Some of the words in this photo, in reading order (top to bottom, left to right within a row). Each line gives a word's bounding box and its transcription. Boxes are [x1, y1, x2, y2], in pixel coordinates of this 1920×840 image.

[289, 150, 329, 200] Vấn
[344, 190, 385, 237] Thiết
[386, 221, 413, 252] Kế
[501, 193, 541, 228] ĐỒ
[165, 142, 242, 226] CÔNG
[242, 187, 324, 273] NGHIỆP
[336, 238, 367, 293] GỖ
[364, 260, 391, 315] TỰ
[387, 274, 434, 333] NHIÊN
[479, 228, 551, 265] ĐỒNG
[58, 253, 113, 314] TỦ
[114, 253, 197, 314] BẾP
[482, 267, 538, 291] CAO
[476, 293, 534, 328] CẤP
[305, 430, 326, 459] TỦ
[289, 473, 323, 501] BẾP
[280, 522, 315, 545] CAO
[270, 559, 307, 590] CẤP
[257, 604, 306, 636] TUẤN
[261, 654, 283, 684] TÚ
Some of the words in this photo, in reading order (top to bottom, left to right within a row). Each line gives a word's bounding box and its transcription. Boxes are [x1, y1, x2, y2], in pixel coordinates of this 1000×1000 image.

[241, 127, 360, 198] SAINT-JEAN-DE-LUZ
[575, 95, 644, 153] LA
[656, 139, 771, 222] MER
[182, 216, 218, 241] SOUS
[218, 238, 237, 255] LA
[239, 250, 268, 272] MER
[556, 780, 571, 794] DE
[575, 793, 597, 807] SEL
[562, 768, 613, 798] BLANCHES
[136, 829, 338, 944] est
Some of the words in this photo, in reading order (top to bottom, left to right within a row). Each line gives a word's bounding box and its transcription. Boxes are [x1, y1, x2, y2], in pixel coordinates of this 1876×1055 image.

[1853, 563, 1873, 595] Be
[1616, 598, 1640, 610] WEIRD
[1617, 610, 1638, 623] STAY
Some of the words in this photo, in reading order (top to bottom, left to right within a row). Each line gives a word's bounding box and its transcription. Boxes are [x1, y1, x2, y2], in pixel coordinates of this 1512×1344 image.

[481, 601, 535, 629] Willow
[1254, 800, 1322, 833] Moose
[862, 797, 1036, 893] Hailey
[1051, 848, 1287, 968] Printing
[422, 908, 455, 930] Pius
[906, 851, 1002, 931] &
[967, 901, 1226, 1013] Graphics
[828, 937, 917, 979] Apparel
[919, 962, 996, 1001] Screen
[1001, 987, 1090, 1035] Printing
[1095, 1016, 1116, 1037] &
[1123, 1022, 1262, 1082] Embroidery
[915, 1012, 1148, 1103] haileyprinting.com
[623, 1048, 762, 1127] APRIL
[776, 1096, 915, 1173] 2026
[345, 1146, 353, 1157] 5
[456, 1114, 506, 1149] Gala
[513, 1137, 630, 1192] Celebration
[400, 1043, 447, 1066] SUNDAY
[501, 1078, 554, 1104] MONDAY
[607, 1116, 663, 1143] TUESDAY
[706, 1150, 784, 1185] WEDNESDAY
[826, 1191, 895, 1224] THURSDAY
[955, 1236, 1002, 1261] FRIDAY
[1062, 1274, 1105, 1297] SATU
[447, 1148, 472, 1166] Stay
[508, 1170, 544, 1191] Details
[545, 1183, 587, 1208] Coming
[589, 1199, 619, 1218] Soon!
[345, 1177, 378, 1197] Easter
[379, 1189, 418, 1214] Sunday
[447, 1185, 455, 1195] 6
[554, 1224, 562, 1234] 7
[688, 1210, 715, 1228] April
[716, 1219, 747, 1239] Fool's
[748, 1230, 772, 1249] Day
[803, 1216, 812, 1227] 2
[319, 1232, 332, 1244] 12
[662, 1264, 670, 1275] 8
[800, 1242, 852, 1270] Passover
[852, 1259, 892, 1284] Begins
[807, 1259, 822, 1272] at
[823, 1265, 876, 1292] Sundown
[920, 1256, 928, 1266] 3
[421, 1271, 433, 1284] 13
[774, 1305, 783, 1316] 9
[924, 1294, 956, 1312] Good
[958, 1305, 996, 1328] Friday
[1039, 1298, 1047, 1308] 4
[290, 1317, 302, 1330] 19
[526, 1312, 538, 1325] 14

┄┄┄┄┄┄┄┄┄┄┄┄┄┄┄┄┄┄┄┄

Copy all the records exactly so that no character differs from the source.

Some of the words in this photo, in reading order (top to bottom, left to right within a row). Each line gives a word's bounding box and its transcription. Boxes are [x1, y1, x2, y2], in pixel coordinates of this 1920×840 image.

[289, 150, 329, 200] Vấn
[344, 190, 385, 237] Thiết
[386, 221, 413, 252] Kế
[501, 193, 541, 228] ĐỒ
[165, 142, 242, 226] CÔNG
[242, 187, 324, 273] NGHIỆP
[336, 238, 367, 293] GỖ
[364, 260, 391, 315] TỰ
[387, 274, 434, 333] NHIÊN
[479, 228, 551, 265] ĐỒNG
[58, 253, 113, 314] TỦ
[114, 253, 197, 314] BẾP
[482, 267, 538, 291] CAO
[476, 293, 534, 328] CẤP
[305, 430, 326, 459] TỦ
[289, 473, 323, 501] BẾP
[280, 522, 315, 545] CAO
[270, 559, 307, 590] CẤP
[257, 604, 306, 636] TUẤN
[261, 654, 283, 684] TÚ
Some of the words in this photo, in reading order (top to bottom, left to right within a row). Each line gives a word's bounding box and its transcription. Boxes are [x1, y1, x2, y2], in pixel coordinates of this 1000×1000 image.

[241, 127, 360, 198] SAINT-JEAN-DE-LUZ
[575, 95, 644, 153] LA
[656, 139, 771, 222] MER
[182, 216, 218, 241] SOUS
[218, 238, 237, 255] LA
[239, 250, 268, 272] MER
[556, 780, 571, 794] DE
[575, 793, 597, 807] SEL
[562, 768, 613, 798] BLANCHES
[136, 829, 338, 944] est
Some of the words in this photo, in reading order (top to bottom, left to right within a row). Each line gives a word's bounding box and its transcription. Boxes are [x1, y1, x2, y2], in pixel coordinates of this 1876×1055 image.

[1853, 563, 1873, 595] Be
[1616, 598, 1640, 610] WEIRD
[1617, 610, 1638, 623] STAY
Some of the words in this photo, in reading order (top to bottom, left to right within a row). Each line gives a word's bounding box and its transcription. Boxes are [x1, y1, x2, y2], in pixel coordinates of this 1512×1344 image.

[481, 601, 535, 629] Willow
[1254, 800, 1322, 833] Moose
[862, 797, 1036, 893] Hailey
[1051, 848, 1287, 968] Printing
[422, 908, 455, 930] Pius
[906, 851, 1002, 931] &
[967, 901, 1226, 1013] Graphics
[828, 937, 917, 979] Apparel
[919, 962, 996, 1001] Screen
[1001, 987, 1090, 1035] Printing
[1095, 1016, 1116, 1037] &
[1123, 1022, 1262, 1082] Embroidery
[915, 1012, 1148, 1103] haileyprinting.com
[623, 1048, 762, 1127] APRIL
[776, 1096, 915, 1173] 2026
[345, 1146, 353, 1157] 5
[456, 1114, 506, 1149] Gala
[513, 1137, 630, 1192] Celebration
[400, 1043, 447, 1066] SUNDAY
[501, 1078, 554, 1104] MONDAY
[607, 1116, 663, 1143] TUESDAY
[706, 1150, 784, 1185] WEDNESDAY
[826, 1191, 895, 1224] THURSDAY
[955, 1236, 1002, 1261] FRIDAY
[1062, 1274, 1105, 1297] SATU
[447, 1148, 472, 1166] Stay
[508, 1170, 544, 1191] Details
[545, 1183, 587, 1208] Coming
[589, 1199, 619, 1218] Soon!
[345, 1177, 378, 1197] Easter
[379, 1189, 418, 1214] Sunday
[447, 1185, 455, 1195] 6
[554, 1224, 562, 1234] 7
[688, 1210, 715, 1228] April
[716, 1219, 747, 1239] Fool's
[748, 1230, 772, 1249] Day
[803, 1216, 812, 1227] 2
[319, 1232, 332, 1244] 12
[662, 1264, 670, 1275] 8
[800, 1242, 852, 1270] Passover
[852, 1259, 892, 1284] Begins
[807, 1259, 822, 1272] at
[823, 1265, 876, 1292] Sundown
[920, 1256, 928, 1266] 3
[421, 1271, 433, 1284] 13
[774, 1305, 783, 1316] 9
[924, 1294, 956, 1312] Good
[958, 1305, 996, 1328] Friday
[1039, 1298, 1047, 1308] 4
[290, 1317, 302, 1330] 19
[526, 1312, 538, 1325] 14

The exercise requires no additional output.